IRF5 SLE-Risk Haplotype is Associated with Asymptomatic Serologic Autoimmunity and Progression to Clinical Autoimmunity in Neonatal Lupus Mothers
Tharian S Cherian
Silvia N Kariuki
Beverly S Franek
Jill P Buyon
Robert M Clancy
Timothy B Niewold
Correspondence: Timothy B. Niewold, MD, University of Chicago, Section of Rheumatology, 5841 S. Maryland Ave., MC0930 Chicago, IL 60637. Phone: (773) 702 6885. Fax: (773) 702 1576.tniewold@medicine.bsd.uchicago.edu
Abstract
Objective
Genetic variation in interferon regulatory factor 5 (IRF5) has been associated with risk of developing systemic lupus erythematosus (SLE), and this association is largely dependent upon anti-Ro autoantibodies. We studied a unique cohort of anti-Ro positive individuals with diverse diagnoses to determine if IRF5 genotype associated with maternal diagnosis or progression of autoimmunity.
Methods
We genotyped haplotype-tagging polymorphisms in IRF5 in 93 European ancestry subjects recruited to the Research Registry for Neonatal Lupus who all had high titer anti-Ro autoantibodies and a child with neonatal lupus (NL), and allele frequencies were compared to non-autoimmune controls.
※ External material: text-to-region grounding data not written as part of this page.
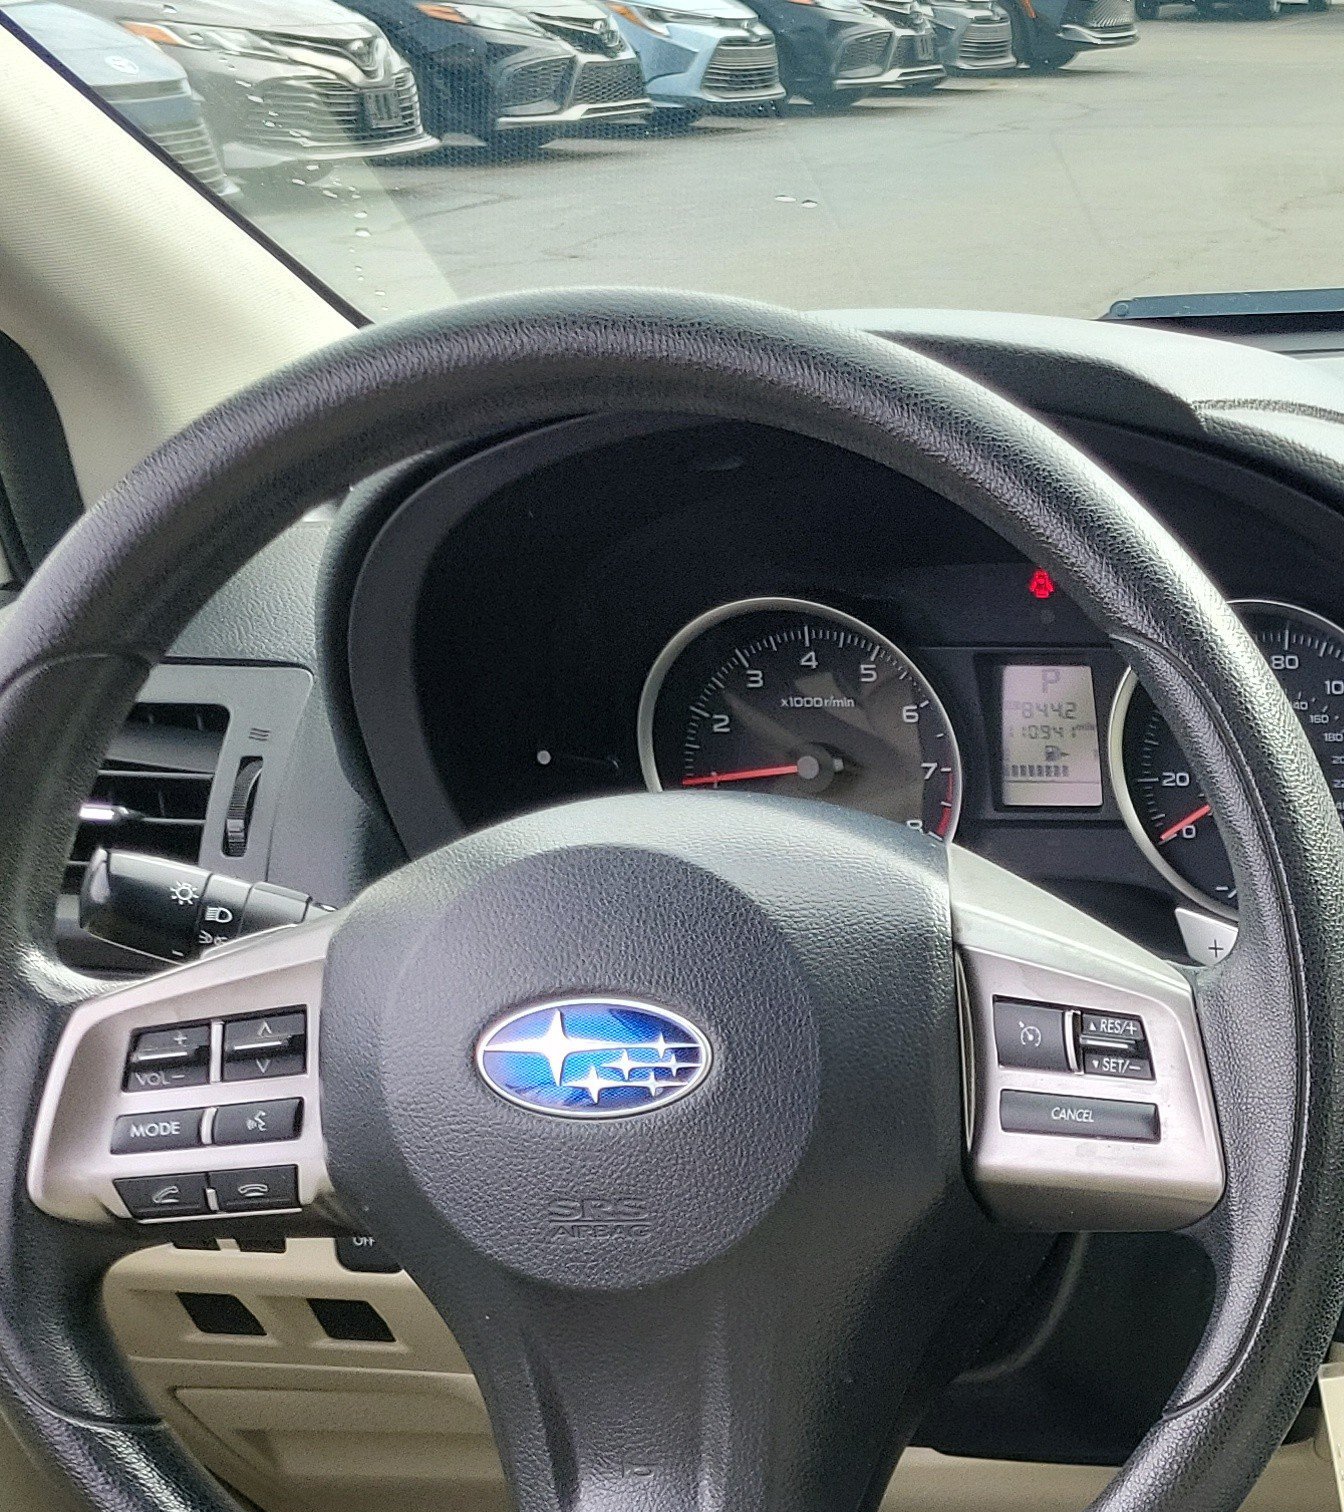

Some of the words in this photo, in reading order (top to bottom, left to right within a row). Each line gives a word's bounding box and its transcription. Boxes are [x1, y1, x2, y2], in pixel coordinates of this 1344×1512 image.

[800, 652, 818, 668] 4
[1271, 655, 1299, 670] 80
[747, 670, 763, 688] 3
[861, 664, 877, 682] 5
[1042, 668, 1061, 693] P
[903, 705, 919, 723] 6
[1309, 713, 1330, 724] 160
[713, 715, 730, 733] 2
[1323, 732, 1344, 743] 180
[921, 763, 938, 780] 7
[1162, 772, 1190, 787] 20
[1182, 826, 1196, 839] 0
[1051, 1106, 1094, 1122] CANCEL
[130, 1121, 182, 1138] MODE
The mothers diagnoses included SLE, Sjogren’s syndrome (SS), undifferentiated autoimmune syndrome (UAS), and asymptomatic.
Results
The SLE-risk haplotype of IRF5 was enriched in all anti-Ro positive subjects except those with SS (OR = 2.55, p=8.8×10−4). Even asymptomatic individuals with anti-Ro antibodies were enriched for the SLE-risk haplotype (OR=2.69, p=0.019). The same haplotype was more prevalent in subjects who were initially asymptomatic, but developed symptomatic SLE during follow up (OR=5.83, p=0.0024). Interestingly, SS was associated with two minor IRF5 haplotypes, and these same haplotypes were decreased in frequency in those with SLE and UAS.
Conclusions
The IRF5 SLE-risk haplotype was associated with anti-Ro antibodies in asymptomatic individuals as well as progression to SLE in asymptomatic anti-Ro positive individuals. SS in NL mothers was associated with different IRF5 haplotypes. These data suggest that IRF5 polymorphisms play a role in serologic autoimmunity in humans and may promote the progression to clinical autoimmunity.
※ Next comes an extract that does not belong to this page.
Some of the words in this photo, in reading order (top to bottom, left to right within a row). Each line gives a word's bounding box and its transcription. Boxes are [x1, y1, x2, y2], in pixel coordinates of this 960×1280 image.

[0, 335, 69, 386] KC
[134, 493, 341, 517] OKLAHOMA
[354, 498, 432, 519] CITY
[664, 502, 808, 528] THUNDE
Keywords: systemic lupus erythematosus, interferon, autoantibodies, neonatal lupus, Sjogren’s syndrome
Neonatal lupus (NL) is caused by the passage of maternal autoantibodies directed to Ro (SSA) and La (SSB) ribonucleoproteins across the placenta, with subsequent tissue deposition and inflammation in the fetus. These autoantibodies are nearly universally present in the mother when isolated heart block is diagnosed in utero (1). Neonatal disease is not dependent upon maternal diagnosis, and mothers of NL patients may have a variety of clinical diagnoses, ranging from systemic lupus erythematosus (SLE) or Sjogren’s syndrome (SS), to completely asymptomatic mothers with high titer anti-Ro antibodies. Additionally, some mothers who are initially asymptomatic can remain so for many years, or progress over time to SLE or SS (2).
Both SLE and SS are associated with high circulating type I IFN activity (3,4). Anti-Ro autoantibodies are frequently present in patients with SLE and SS, and these autoantibodies are associated with high serum type I IFN activity in patients with SLE (4). When we studied serum IFN-α activity in NL mothers, we found that asymptomatic individuals did not have high IFN-α, despite having high titer anti-Ro antibodies (5). This suggests that background factors will also be important to the association between anti-Ro autoantibodies and high type I IFN activity, and that the association between autoantibodies and high IFN in humans in vivo is not absolute.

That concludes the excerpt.